### What to work on:
The answer should match the entries that follow exactly, except that no image appears in it.

### Extracted entries:
**********

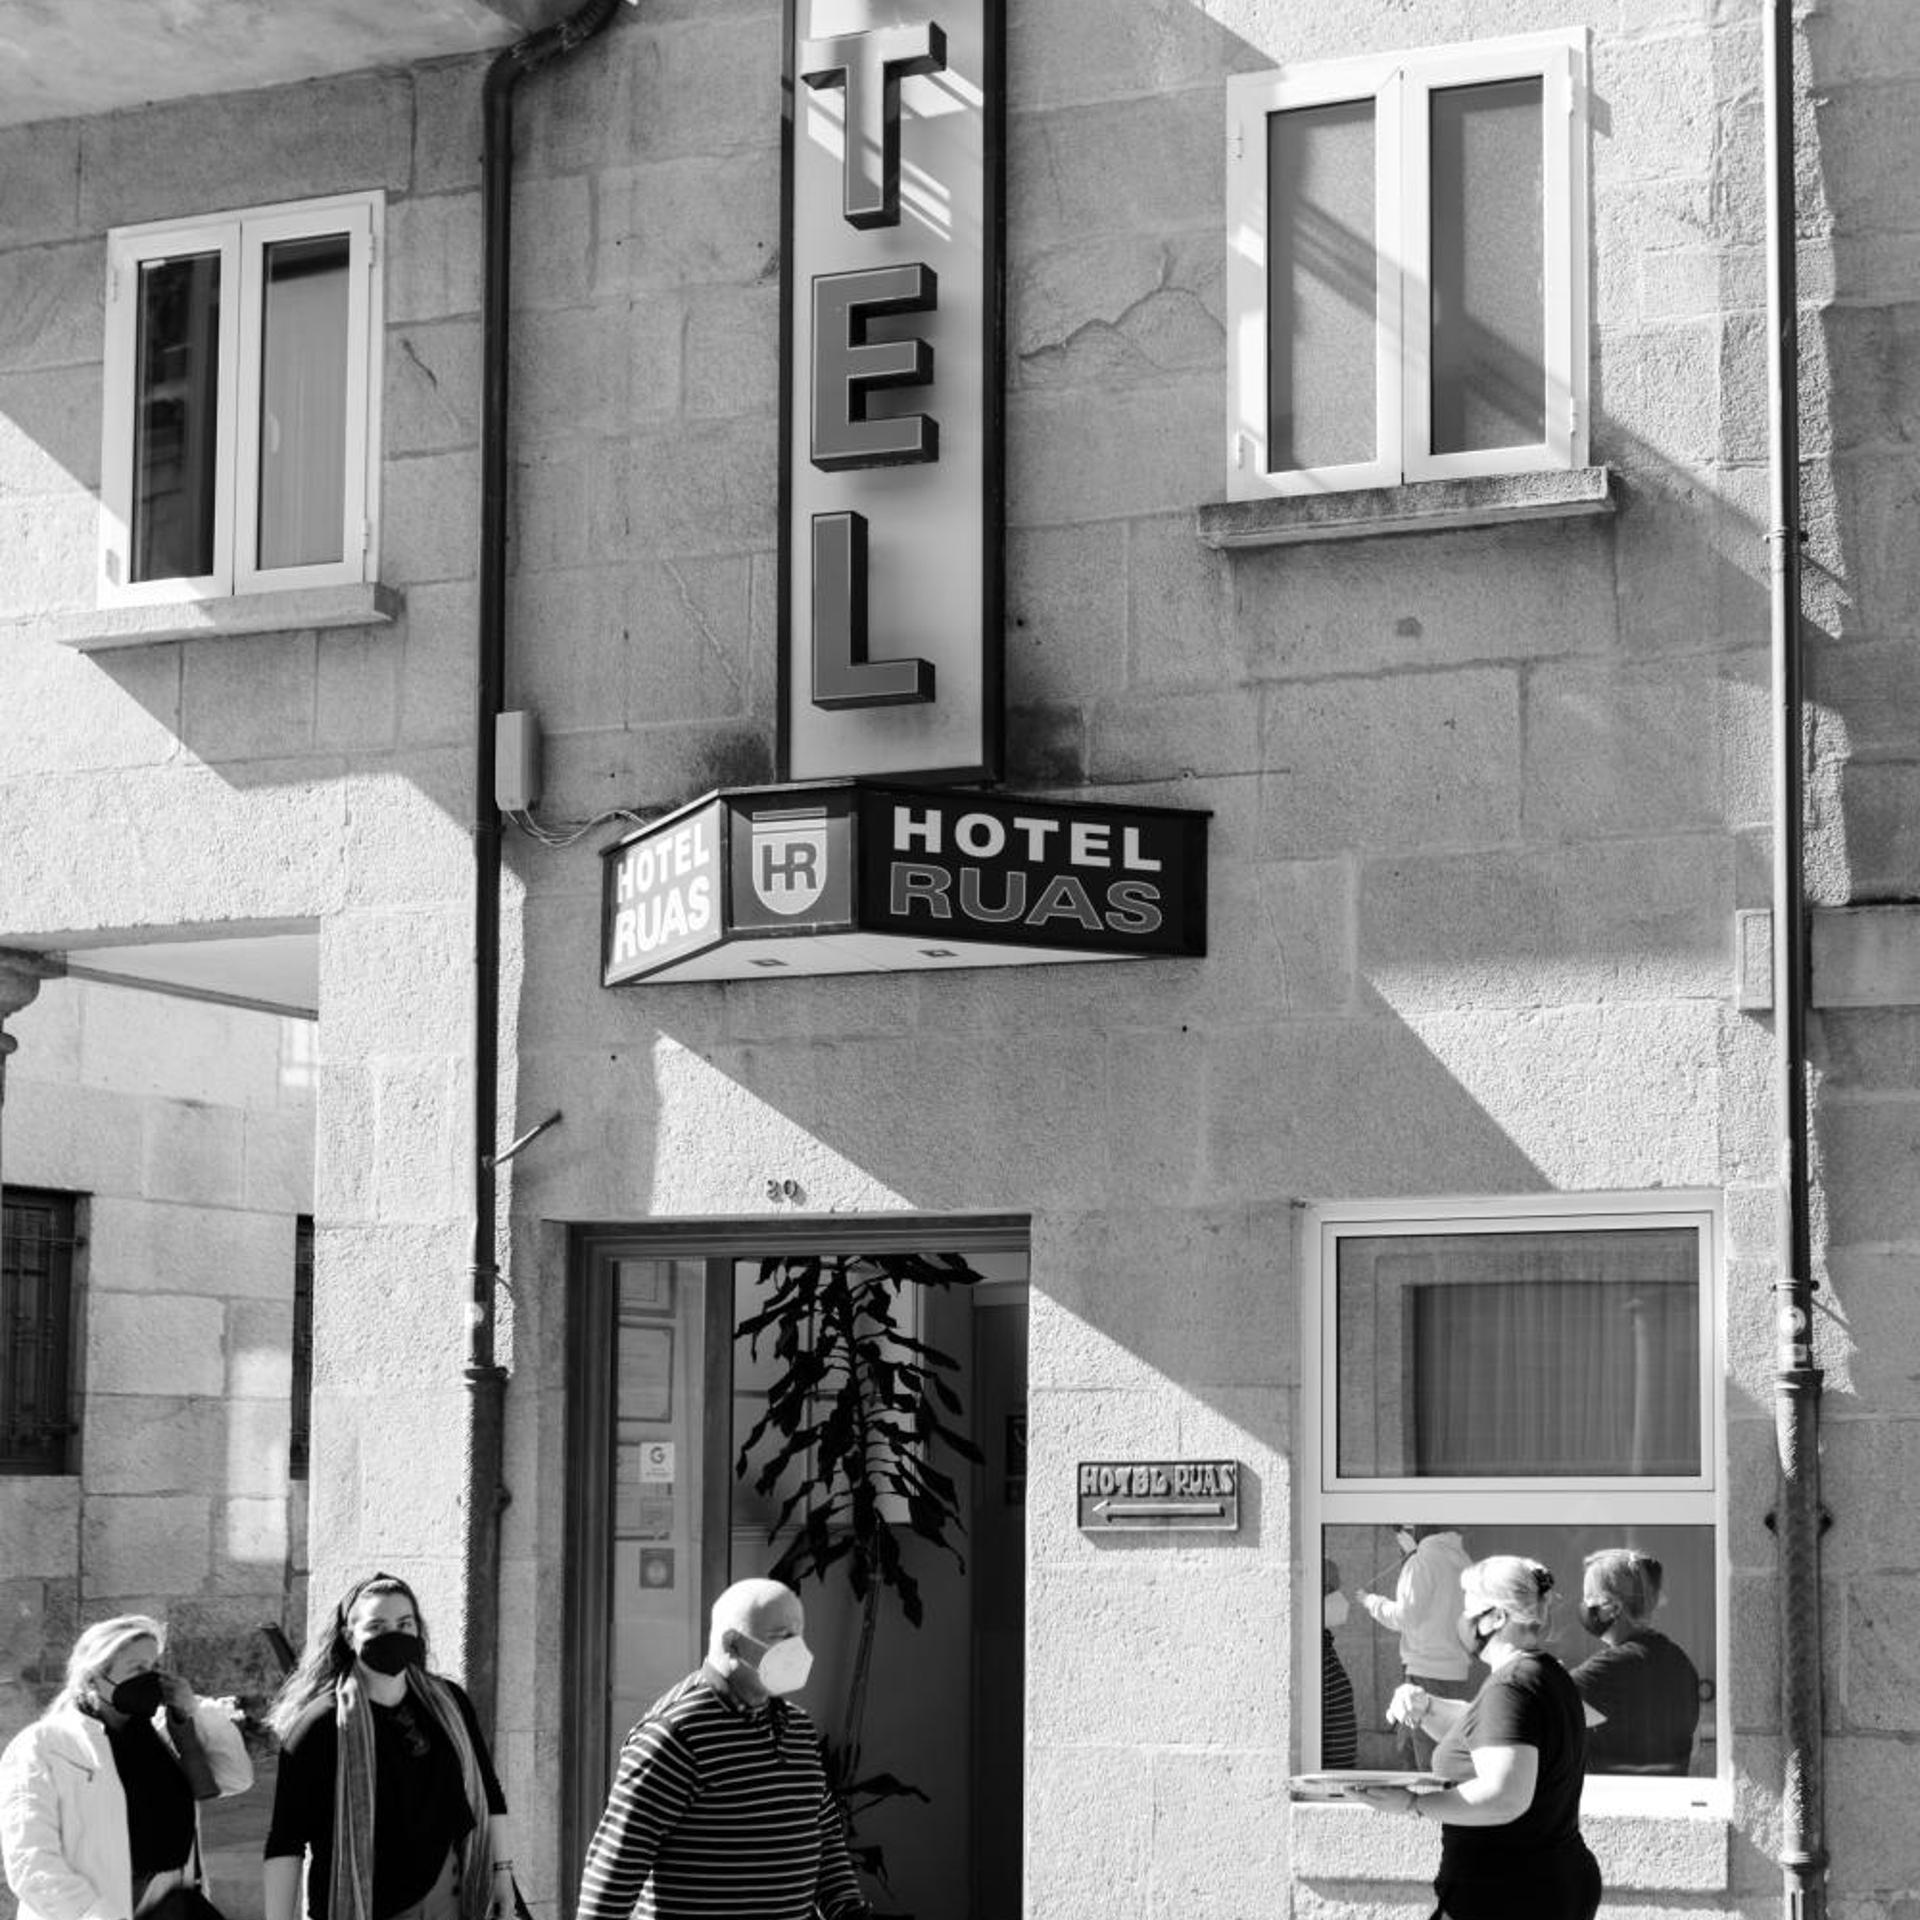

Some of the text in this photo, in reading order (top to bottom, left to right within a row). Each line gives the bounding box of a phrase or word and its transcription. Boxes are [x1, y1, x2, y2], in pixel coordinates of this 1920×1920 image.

[617, 822, 710, 904] HOTEL
[761, 842, 818, 892] HR
[893, 805, 1162, 872] HOTEL
[613, 875, 710, 964] RUAS
[889, 861, 1163, 933] RUAS
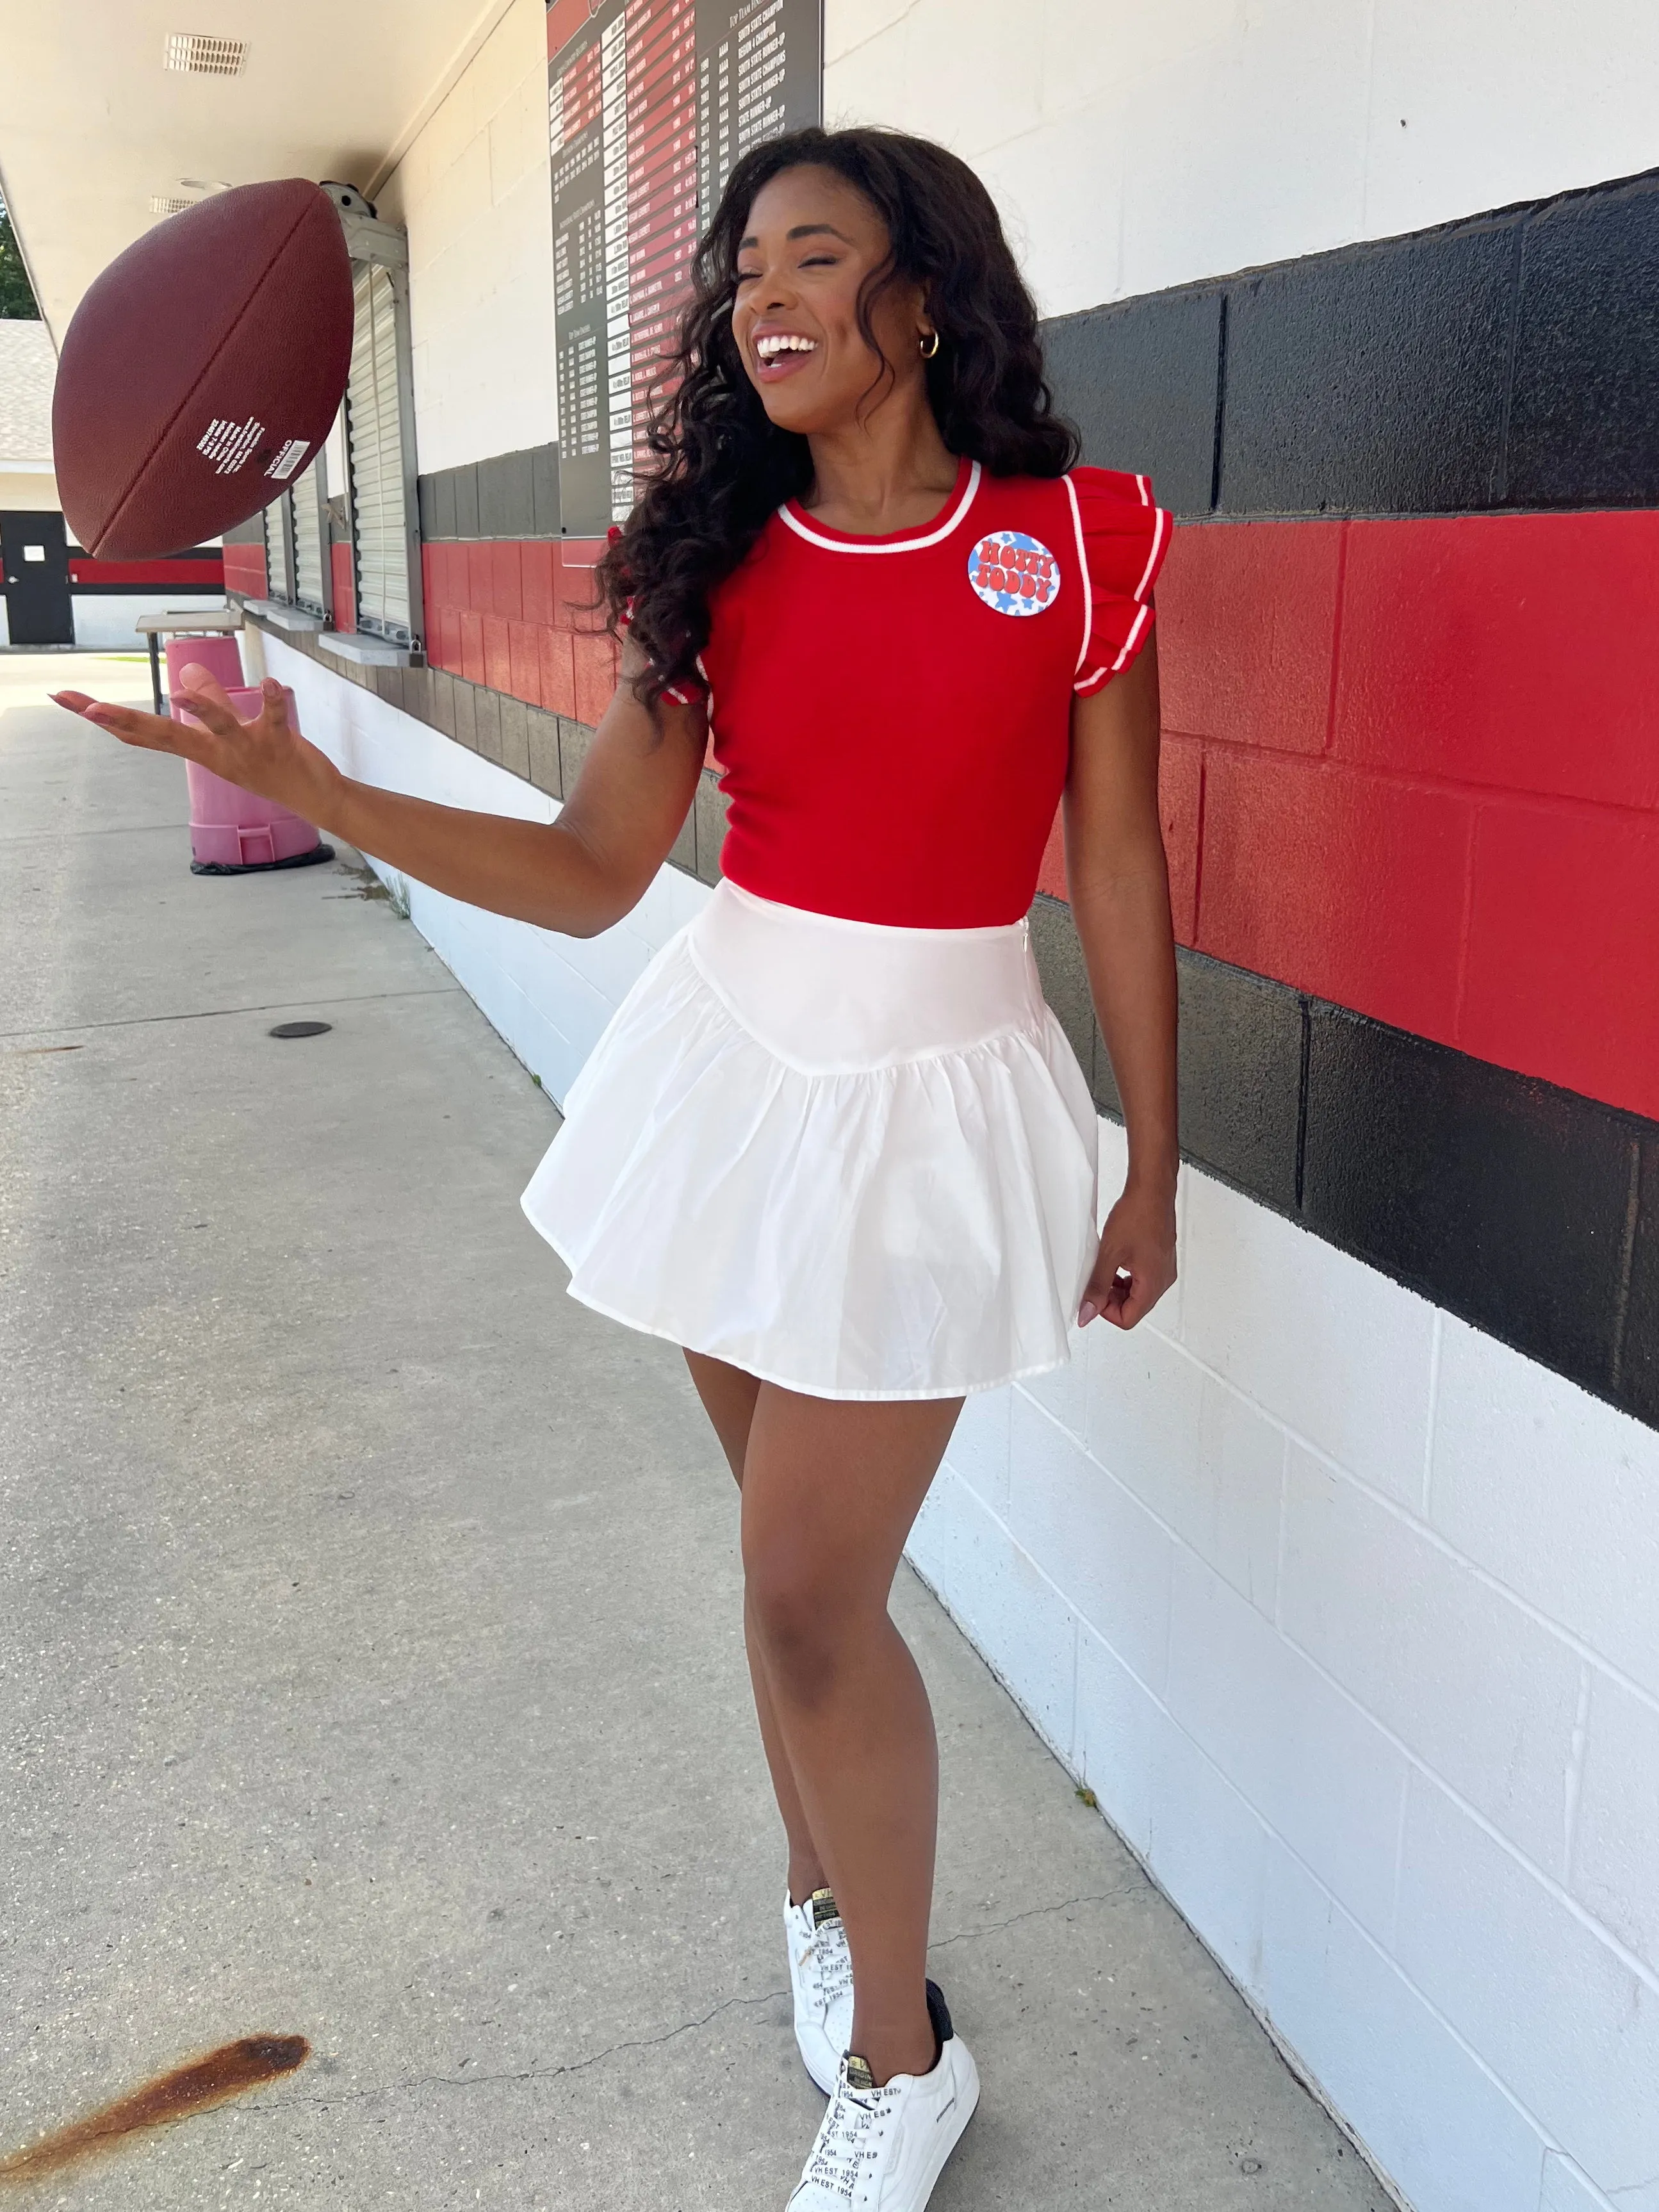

**********

### Completed exercise:
Some of the text in this photo, in reading order (top to bottom, left to right within a row). Each line gives the bounding box of a phrase or word and its transcription. Boxes are [x1, y1, x2, y2], in pixel coordinates of this 1920×1920 image.

[617, 822, 710, 904] HOTEL
[761, 842, 818, 892] HR
[893, 805, 1162, 872] HOTEL
[613, 875, 710, 964] RUAS
[889, 861, 1163, 933] RUAS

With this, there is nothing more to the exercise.